Jean Rhys (Roseau, 24 de agosto de 1890 - 14 de mayo de
1979). Novelista caribeña de la primera mitad del siglo XX. Británica nacida en
Las Antillas, en la isla de la Dominica.
Emigró a Inglaterra a los 16 años y trabajó como actriz. En
1920 se trasladó a París, donde empezó a escribir animada por el novelista Madox
Ford. Publicó su primer relato en 1924, y su primera novela, “Posturas “(más
tarde llamada Cuarteto), en 1928.
La ficción de Rhys refleja su visión pesimista del mundo y
su simpatía hacia los desvalidos, en especial hacia las mujeres atrapadas en
vidas que no son capaces de cambiar.
Rhys publicó otras tres novelas “Después de dejar al señor
Mackenzie” (1930), “Viaje a la oscuridad” (1934) y “Buenos días, medianoche”
(1939) antes de abandonar la literatura. Pero no fue hasta la publicación de su
novela “Ancho mar de los Sargazos” en 1966, cuando fue considerada una figura
literaria de relevancia. Ancho mar de los Sargazos es la precuela de la novela de
Charlotte Brontë, Jane Eyre.
Jean Rhys trabajó como artista bohemia. Durante este periodo
de su vida, Rhys vivió casi en la pobreza. Sin embargo fue durante este periodo
cuando se familiarizó con el arte modernista y la literatura, y cuando se
convirtió en alcohólica, problema que mantuvo durante toda su vida. Sus
experiencias en la sociedad patriarcal y los sentimientos de sentirse
desplazada influyeron y formaron parte de algunos de sus trabajos, así como su
difícil niñez, en la que no acabó de ser aceptada ni por la sociedad criolla ni
por la europea de su isla natal.
Su estilo se caracteriza frecuentemente por su mezcla de
técnicas modernistas y de sensibilidades propias de la sociedad caribeña de la
que provenía.
En 1979 se publicó su autobiografía inacabada, Sonríe, por
favor.
Las Mujeres de Jean Rhys (*)
La mayoría de las obras de Rhys tratan sobre mujeres que se
ven desplazadas de sus ambientes naturales y dejadas al capricho de sociedades
con pobres valores familiares, en una muestra de su propia experiencia.
La vulnerabilidad y la ausencia de un proyecto vital
plausible, agravadas por el hecho de encontrarse próximas a las horas
crepusculares de su existencia, representan una constante en la trayectoria de
estas modernas heroínas de bulevar.
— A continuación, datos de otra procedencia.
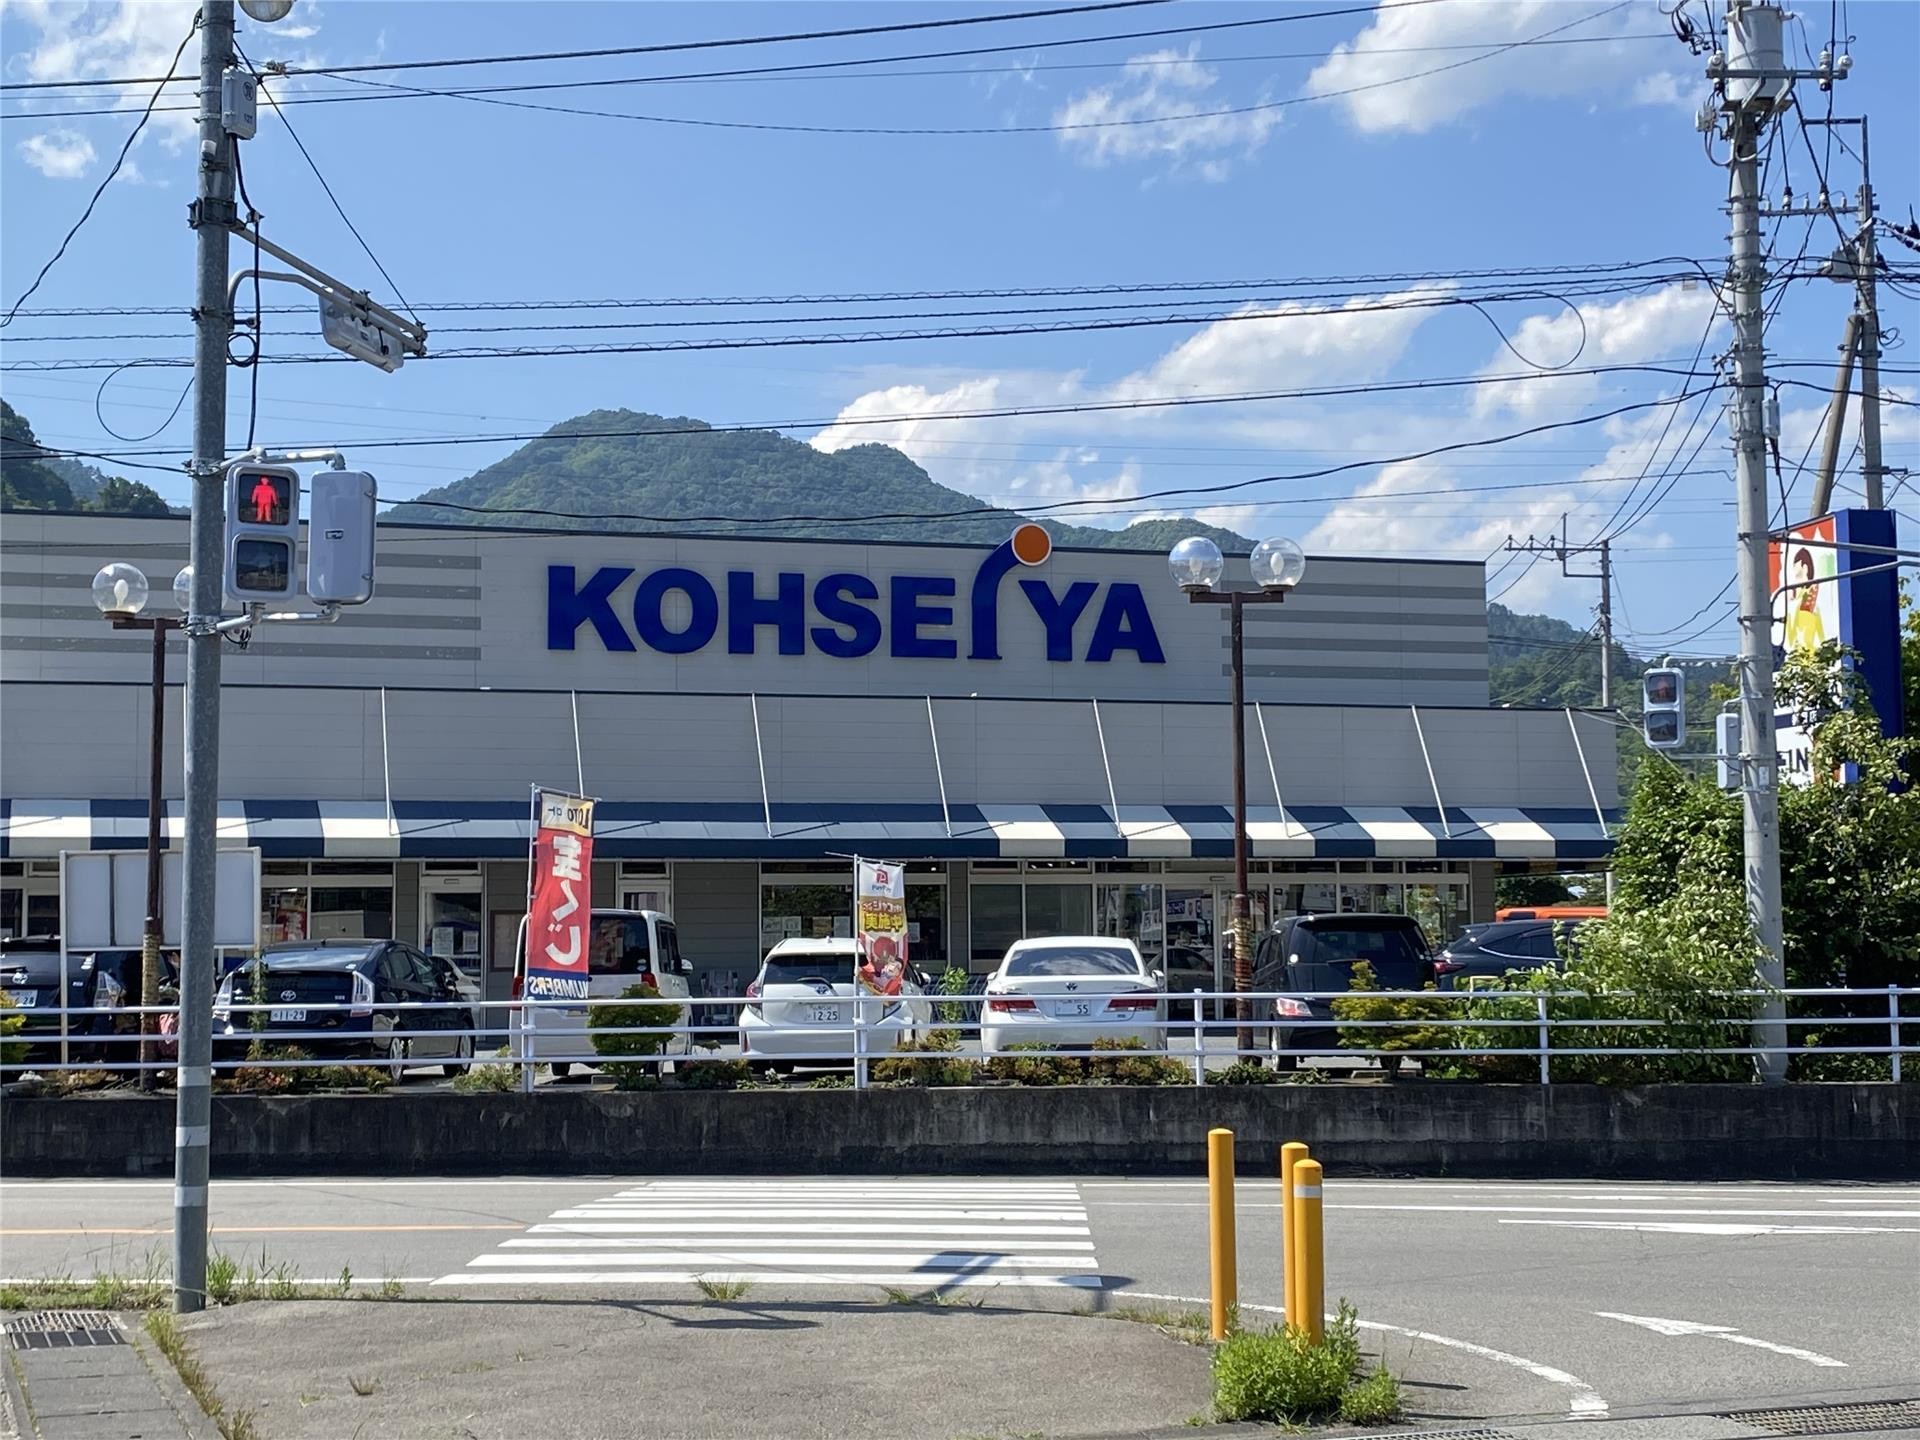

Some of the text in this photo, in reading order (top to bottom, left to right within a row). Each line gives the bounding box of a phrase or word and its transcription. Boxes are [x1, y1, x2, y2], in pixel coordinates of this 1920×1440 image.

[547, 523, 1166, 664] KOHSEIYA
[865, 912, 903, 931] 実施中
Y también su inútil intento de aceptar los
“roles sociales”, tal como vienen asignados, en un universo convencional que
les repugna. “No sirve de nada querer adaptarse, hay que haber nacido con esa
mentalidad”: una frase que cualquiera de ellas podría suscribir.
Anna Morgan es una muchacha “temblorosa y soñadora”, cuya
indolencia determina que las circunstancias gobiernen su vida; en la mirada
esquiva de Julia Martin se advierte que “jamás podría triunfar en una carrera
azarosa, por muy dispuesta que se encontrase a ser astuta y actuar sin
escrúpulos, como hacen todos los seres
débiles en su lucha por sobrevivir, sin que los fuertes los dominen y
subyuguen”.
Todas ellas, en algún momento, consiguen mantener un
precario equilibrio, treguas de corta duración, casi siempre finalizadas de
modo abrupto. Una especie de “juego ruin” que las condena a subsistir a
cualquier precio –a la postre, siempre el mismo: la autodestrucción–, es decir,
la pérdida definitiva de la “sabiduría y el alma” que, en la práctica, se
traduce en una vida sin objeto, inútil y vacía.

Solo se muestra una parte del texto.